Phrase grounding data
★ ★ ★ ★

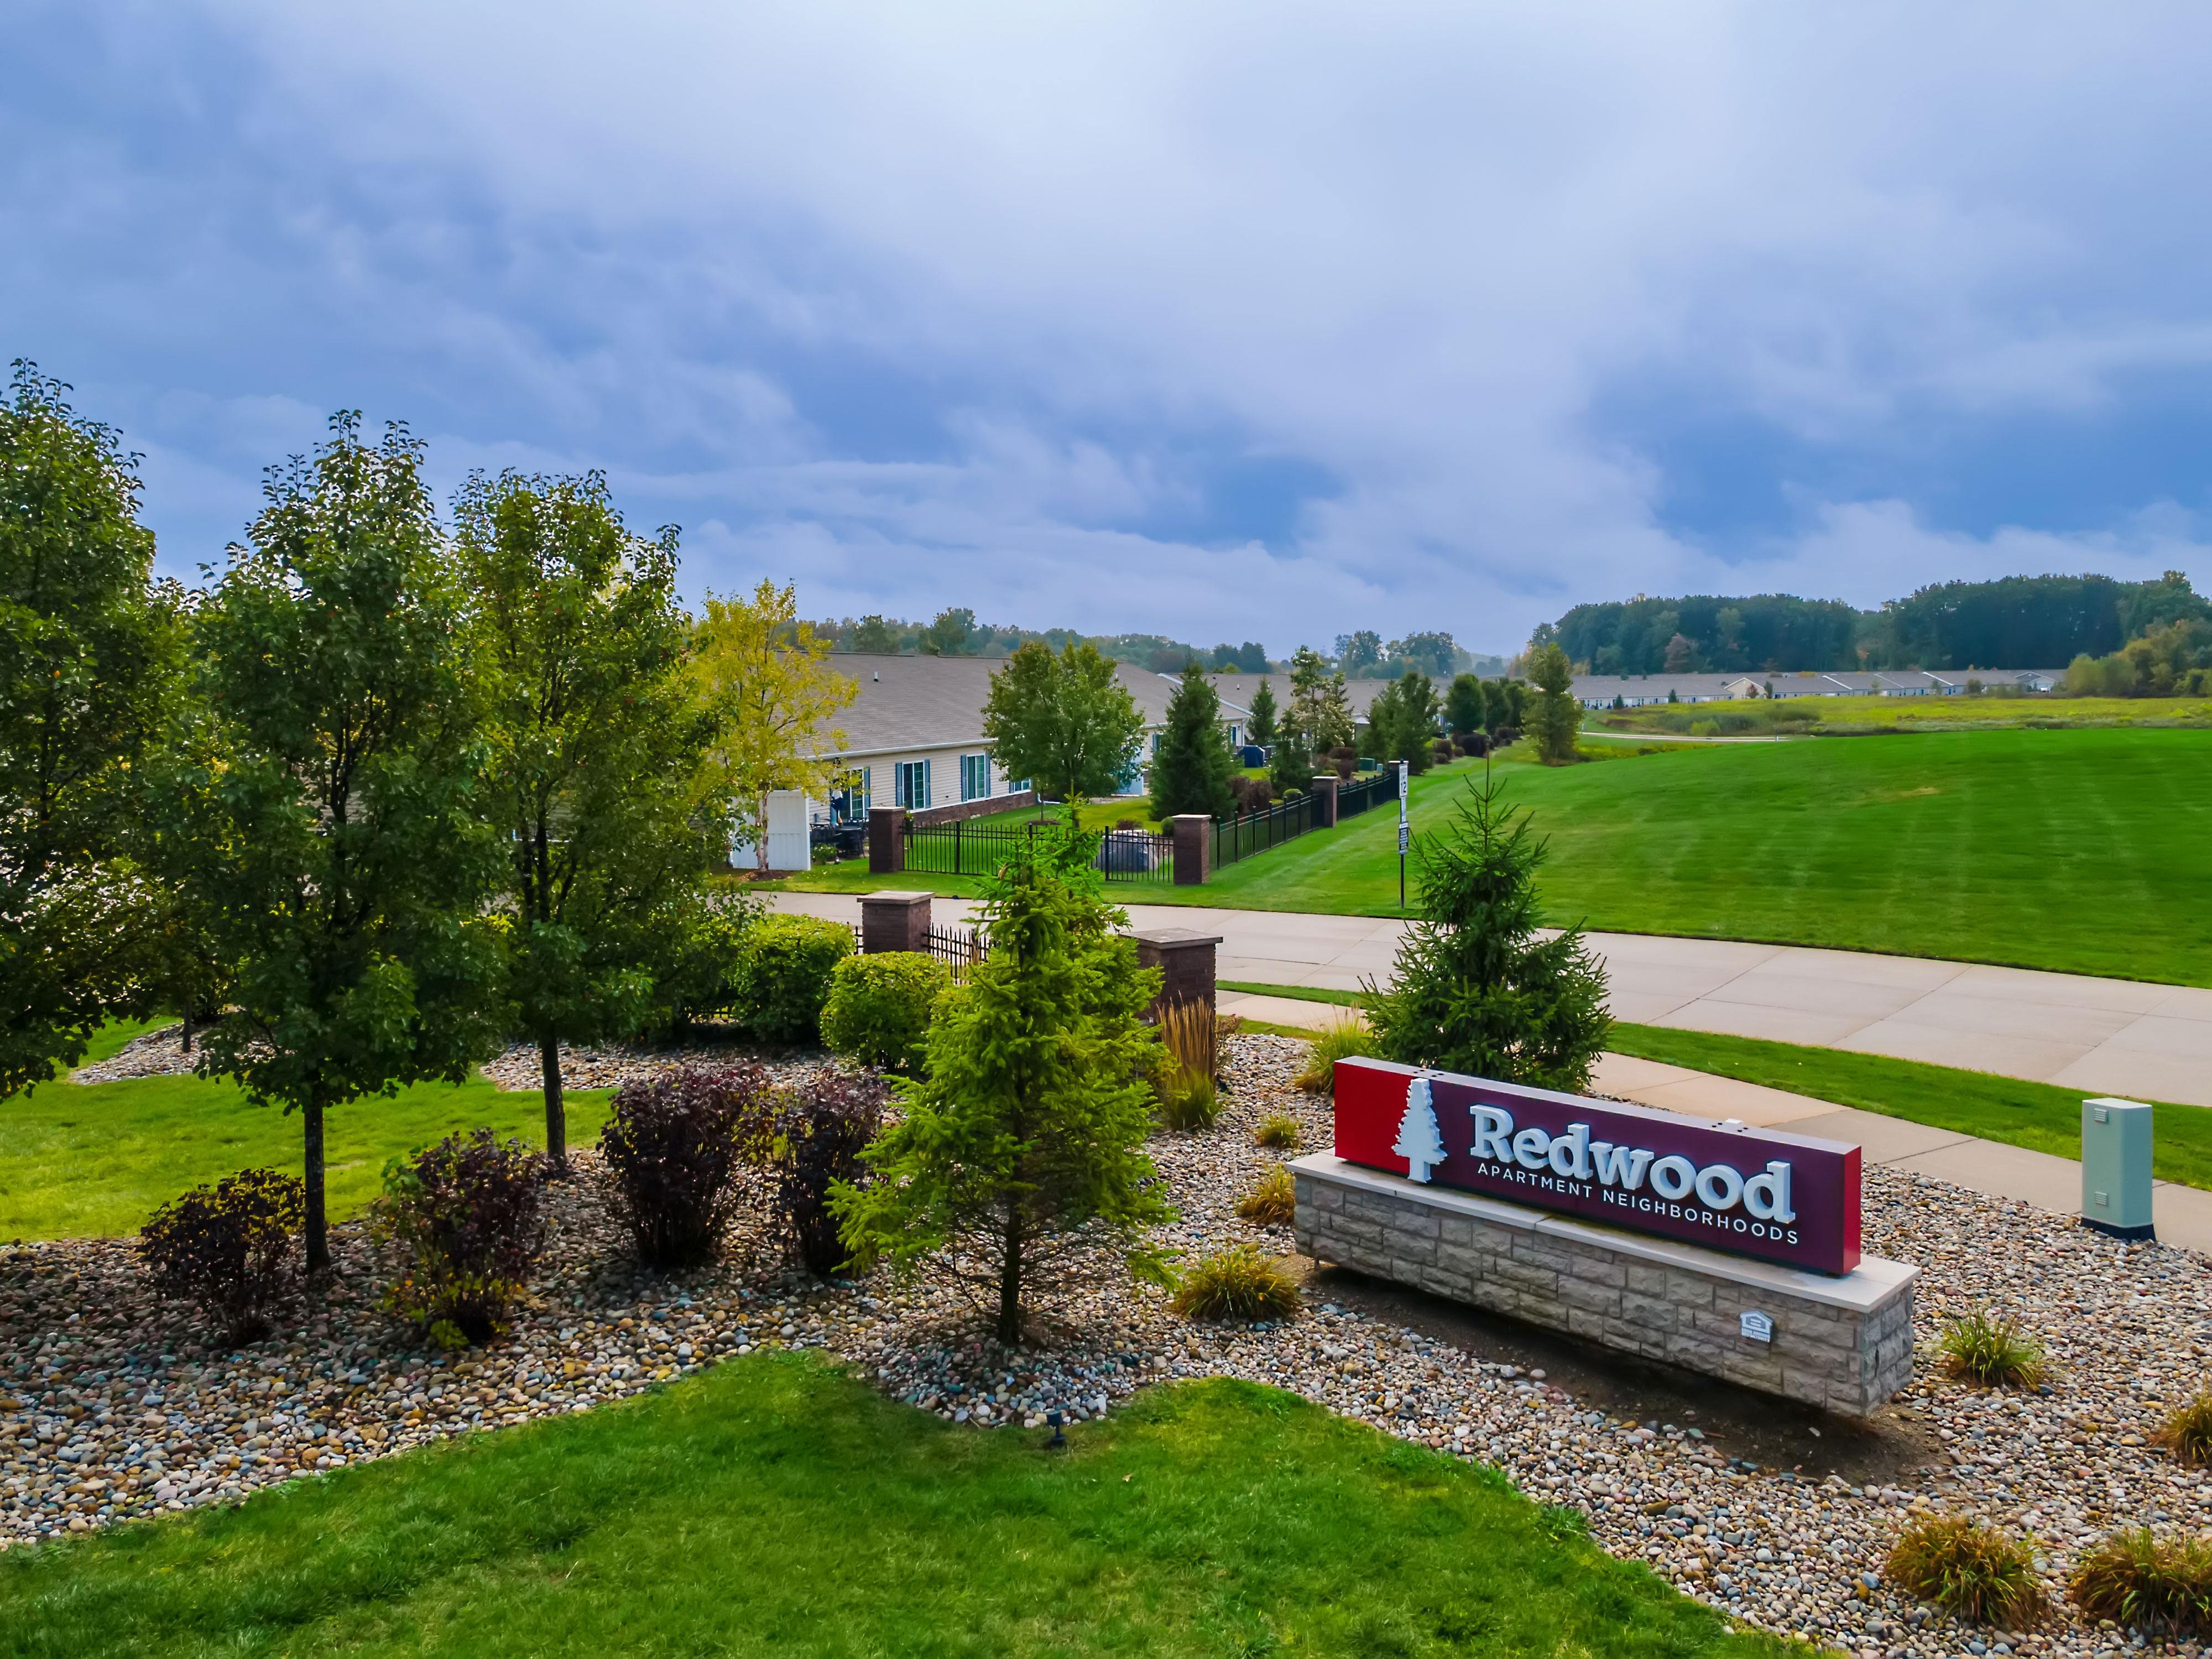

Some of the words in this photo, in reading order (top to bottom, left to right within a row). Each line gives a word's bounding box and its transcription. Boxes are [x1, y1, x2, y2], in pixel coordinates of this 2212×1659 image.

[1401, 781, 1407, 794] 12
[1470, 1104, 1796, 1224] Redwood
[1478, 1162, 1592, 1198] APARTMENT
[1603, 1190, 1798, 1244] NEIGHBORHOODS

★ ★ ★ ★

WHAT THE EXERCISE ASKS: The expected output is every entry, retyped exactly, with all pictures removed.

WRITTEN RESPONSE:
Some of the words in this photo, in reading order (top to bottom, left to right within a row). Each line gives a word's bounding box and its transcription. Boxes are [x1, y1, x2, y2], in pixel coordinates of this 2212×1659 image.

[1401, 781, 1407, 794] 12
[1470, 1104, 1796, 1224] Redwood
[1478, 1162, 1592, 1198] APARTMENT
[1603, 1190, 1798, 1244] NEIGHBORHOODS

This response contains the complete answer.